6 September 2011, 17:22  Swiss National Bank has shocked foreign exchange markets

The Swiss National Bank has shocked foreign exchange markets by setting a minimum exchange rate target of 1.20 francs to the euro, saying it would enforce it by buying foreign currency in unlimited quantities. The move immediately knocked around 8% off the value of the franc, which has soared as investors used it as a safe haven from the euro zone's debt crisis and stock market turmoil. "The current massive overvaluation of the Swiss franc poses an acute threat to the Swiss economy and carries the risk of a deflationary development," the SNB said in a statement.

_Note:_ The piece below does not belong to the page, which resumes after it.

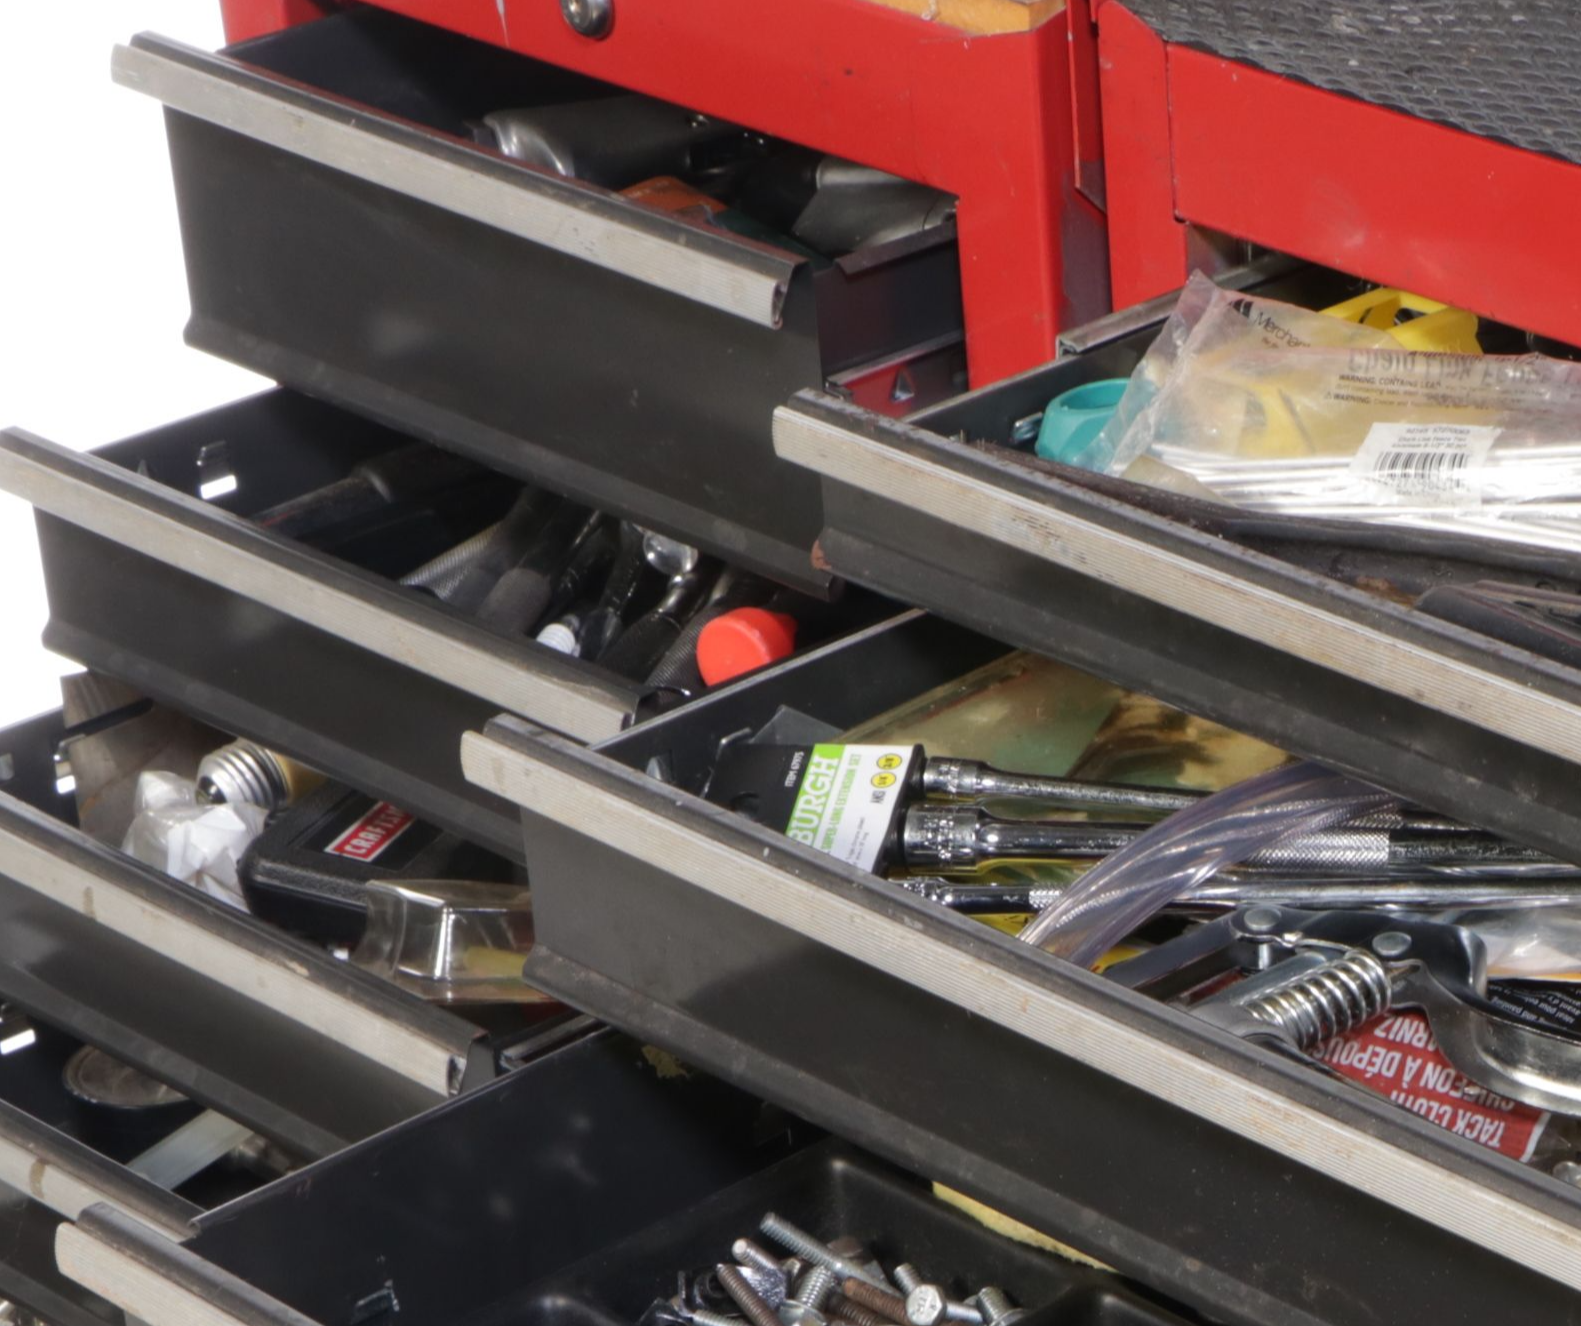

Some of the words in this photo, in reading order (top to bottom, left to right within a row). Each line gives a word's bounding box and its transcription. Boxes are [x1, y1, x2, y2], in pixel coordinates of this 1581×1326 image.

The SNB said that, with immediate effect, it would no longer tolerate a rate below the 1.20 mark. "The SNB will enforce this minimum rate with the utmost determination and is prepared to buy foreign currency in unlimited quantities," it said. The SNB added that even at a rate of 1.20 francs to the euro, the franc was still high and should continue to weaken over time. The franc nearly touched parity with the common currency on August 9. It fell 8.5% against the euro after the announcement to 1.203 francs. To cushion the Swiss economy from a downturn as the strong franc hurts exports, the SNB cut an already low interest rate target to zero on August 3. It is also boosting the amount of liquidity in the banking system, and had threatened further steps. Those measures had temporarily helped the franc weaken, falling some 18% to a seven-week low, but it jumped again last week as worries about the health of the global economy intensified, increasing pressure on the SNB to act again.